Worse, however, was to come. There were plans for a Revival at the end of April, with visiting preachers and street processions, and this was a topic of some discussion.
Ordinarily Ida would have enjoyed a Revival. She had always loved the thrill of such great occasions, of being part of an ecstatic throng, engulfed in waves of sound with the swell of the organ or the band or simply the joyous hymn-singing of several hundred folk. Not to mention the public commitments, when new converts or those who had strayed came forward and gave themselves to the Lord. Not that Ida would ever, could ever, do such a thing, wanting only to be a part of the whole and in no way to stand out but there was something frighteningly thrilling in witnessing other, braver, folk do what she did not dare.
But now, it seemed, anonymity was not allowed and, as the last cups of tea were drained and Arnold settled further into his chair in preparation for his post-prandial snooze, Mr Tompkins produced from a brown, leather case a sheaf of papers filled with columns of words and numbers in his tidy, shop-keeper’s script so that for a moment it seemed he must have brought his shop accounts with him.

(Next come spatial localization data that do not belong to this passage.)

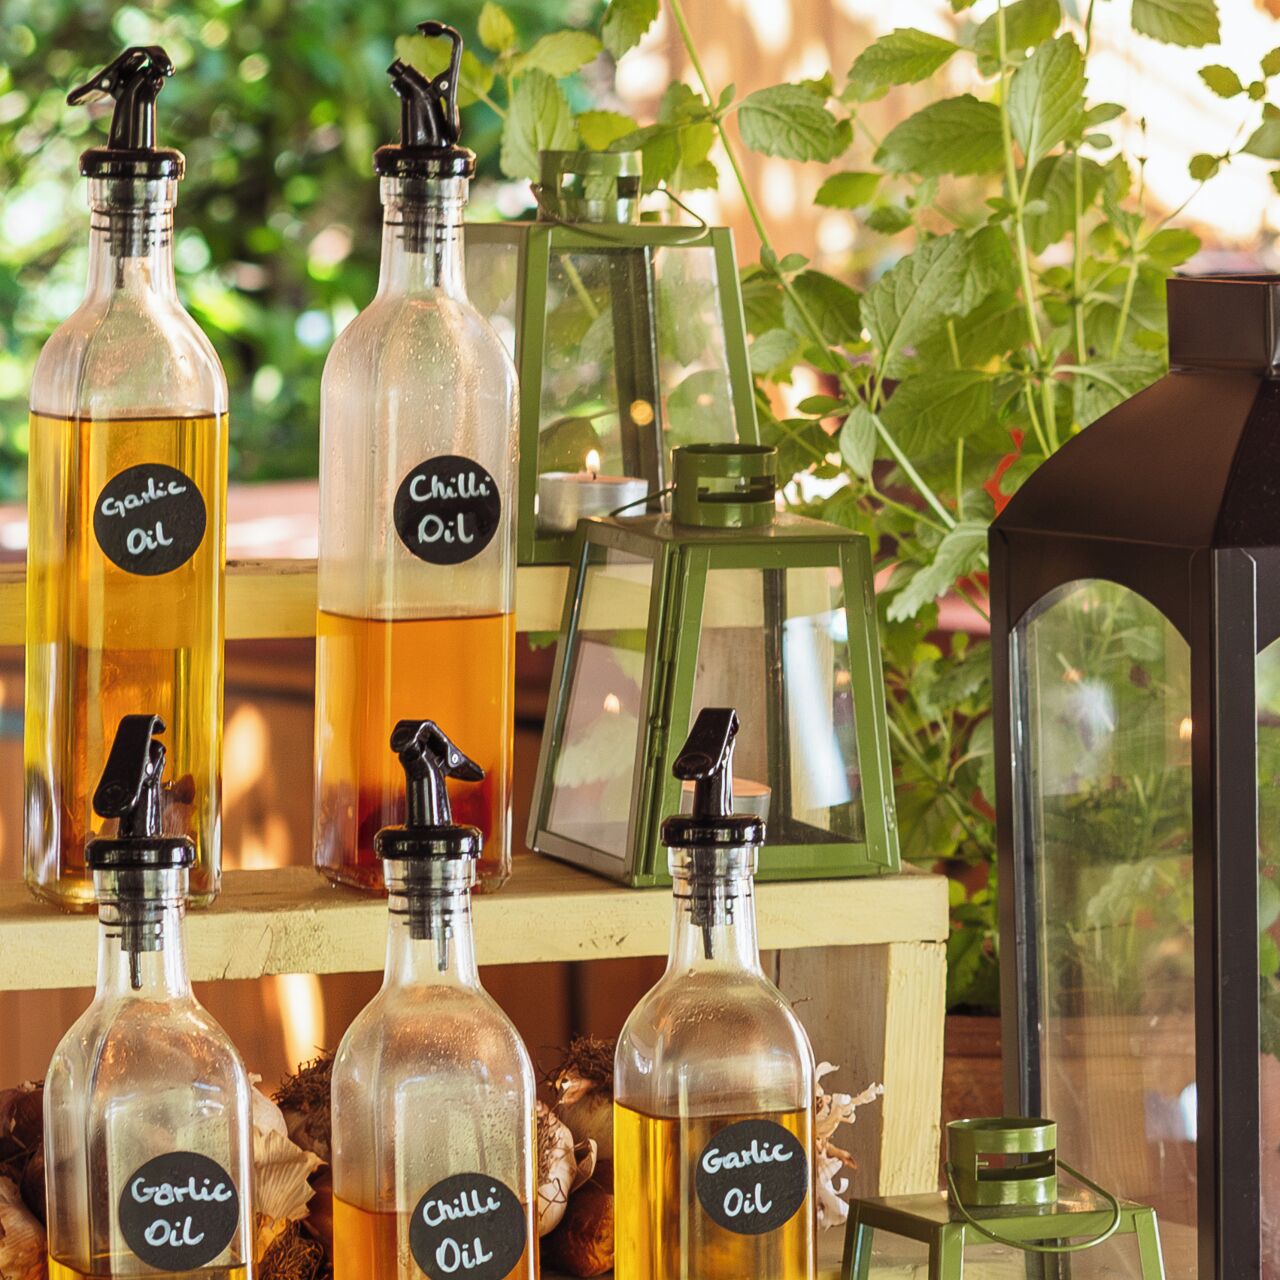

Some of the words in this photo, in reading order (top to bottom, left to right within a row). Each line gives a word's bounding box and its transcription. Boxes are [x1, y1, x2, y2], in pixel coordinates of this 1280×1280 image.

[409, 472, 492, 501] Chilli
[127, 521, 173, 554] Oil
[418, 513, 473, 543] Oil
[702, 1140, 793, 1174] Garlic
[132, 1175, 232, 1206] Garlic
[423, 1187, 500, 1226] Chilli
[724, 1183, 772, 1217] Oil
[144, 1216, 204, 1246] Oil
[436, 1237, 493, 1272] Oil
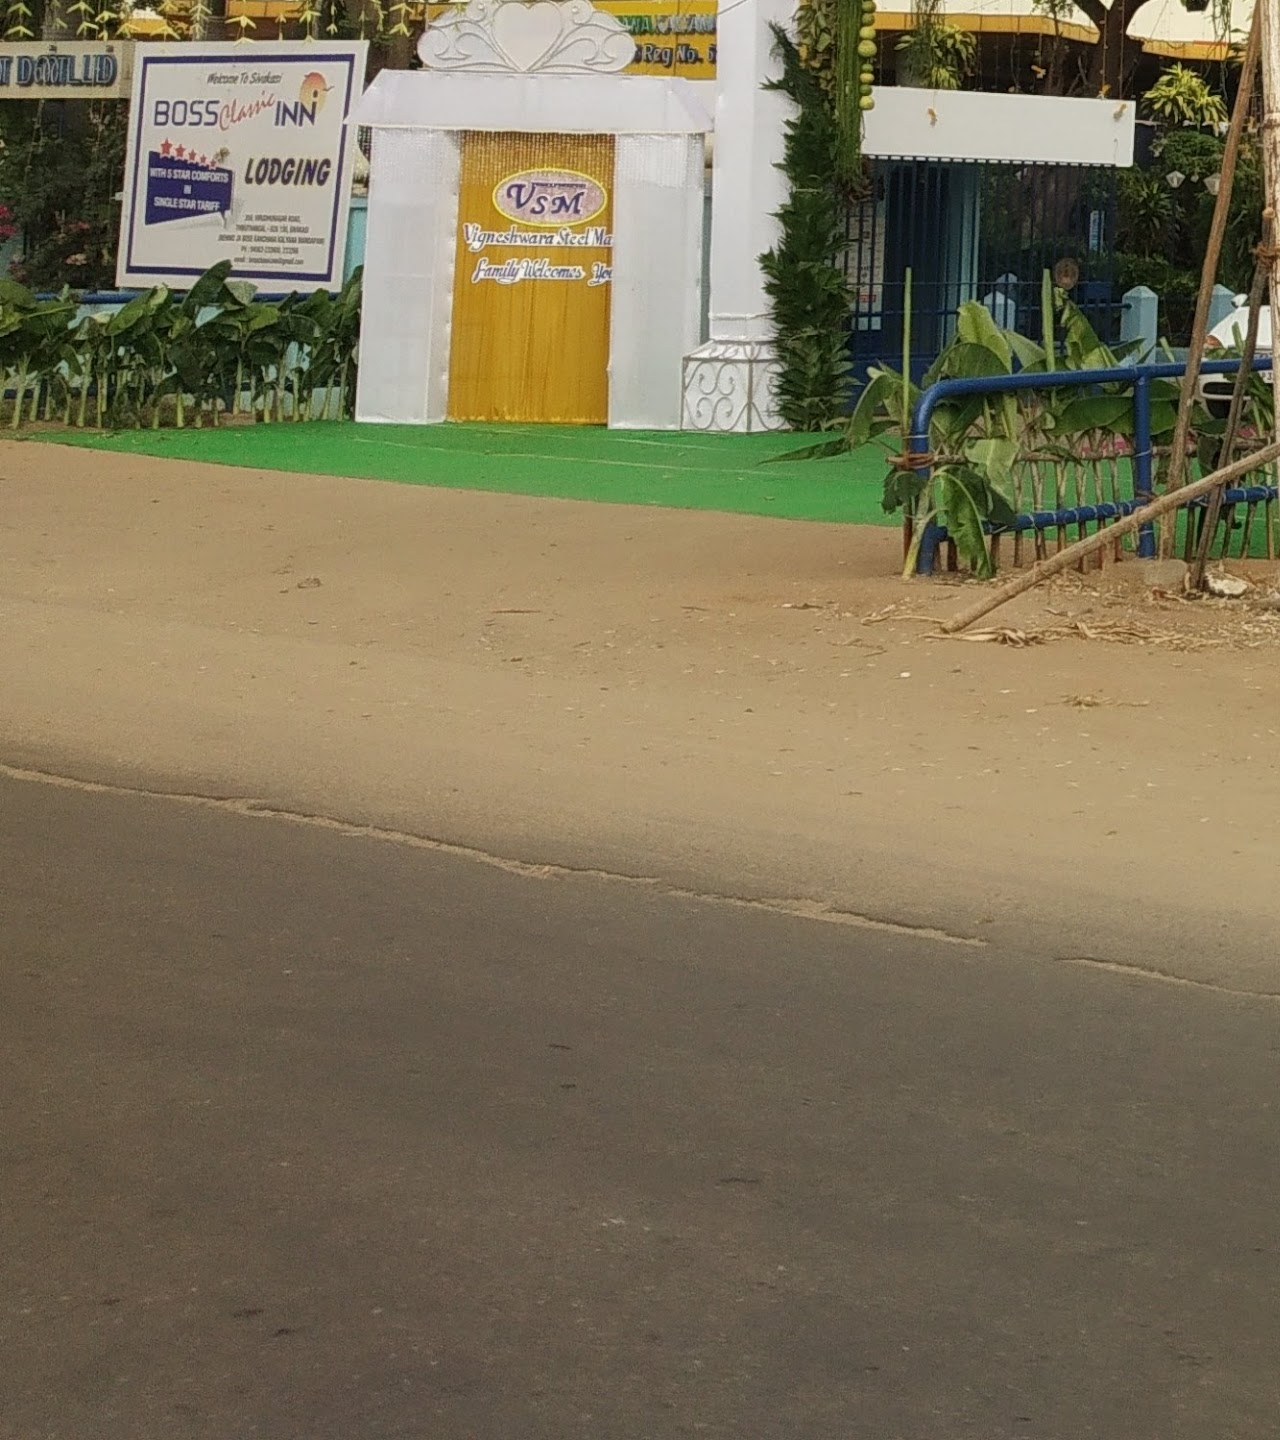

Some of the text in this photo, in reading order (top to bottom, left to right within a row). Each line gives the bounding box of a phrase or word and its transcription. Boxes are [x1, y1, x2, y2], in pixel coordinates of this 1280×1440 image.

[642, 43, 673, 68] Reg
[207, 72, 283, 84] Welcome To Sivakasi
[154, 90, 318, 131] BOSS Classic INN
[151, 167, 167, 178] WITH
[172, 170, 191, 181] STAR
[192, 171, 229, 184] COMFORTS
[244, 158, 331, 186] LODGING
[184, 184, 192, 195] IN
[506, 183, 585, 215] VSM
[154, 196, 220, 212] SINGLE STAR TARIFF
[464, 224, 554, 252] Vigneshwara
[556, 227, 589, 246] Steel
[472, 258, 519, 284] Family
[522, 260, 584, 279] Welcomes

Until his wife unfolded a separate list of names and put on a pair of wire-framed spectacles…
“I think we should each cover our own areas where possible,” she said, coming, as it were, to business. “Ethel, if you will do Greenbank and help Mrs Tregolls with Harbour Terrace, Mr James will cover Webber Street and High Street and Father and I will do Killigrew Street and Killigrew Road….”
In spite of the two cups of tea she had drunk, Ida felt her mouth grow dry. For Mrs Tompkins was speaking, she realised, of the visits that would be made in these roads in the weeks leading up to the Revival. Visits during which the brothers and sisters would encourage attendance at some of the planned events.

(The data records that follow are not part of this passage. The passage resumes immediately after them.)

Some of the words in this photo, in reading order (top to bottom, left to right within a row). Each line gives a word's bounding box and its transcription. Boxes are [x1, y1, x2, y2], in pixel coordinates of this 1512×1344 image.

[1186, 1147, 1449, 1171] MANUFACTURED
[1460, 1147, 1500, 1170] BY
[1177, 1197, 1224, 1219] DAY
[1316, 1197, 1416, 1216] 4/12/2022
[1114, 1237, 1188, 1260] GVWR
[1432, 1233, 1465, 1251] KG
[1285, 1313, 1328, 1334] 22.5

“….. thought you might manage Quarry Place and the lower half of Kimberley Park Road. Mr Ferris isn’t as spry as he was and it will be a god-send,” Mrs Tompkins gave a brief smile as if she had made a joke, “to have you as one of our group.” She looked directly at Ida across the room. “You will be able to manage that, Mrs Goss, will you not?”
But it was not really, Ida realised, a question.
“I don’ know. I’ve not ever… Besides,” Struggling to order her thoughts, she brought out the one argument she felt might hold weight. “I’m not ‘ome till late. I don’ ‘ave no time…”
“Neither do Father and I.” Mrs Tompkins’ eyebrows rose higher than ever, causing deep, horizontal folds to appear on her forehead. “Like you, we will go out in the evenings and on Sunday afternoons.”
“It is God’s work.” Ethel Drage spoke for the first time. “He will not mind us carrying it out on a Sunday.” As if this could be the only objection.
“But I’ve never done nothing like that. I dunno what I should say…” Appalled, Ida imagined herself knocking on Mrs Trembath’s door in Kimberley Park Road. Disturbing some social engagement or, worse, her Sunday afternoon nap. “I can’t possibly,” she said. “Not never.”
Mr Tompkins, who had been re-arranging his sheaves of papers, handed her a list.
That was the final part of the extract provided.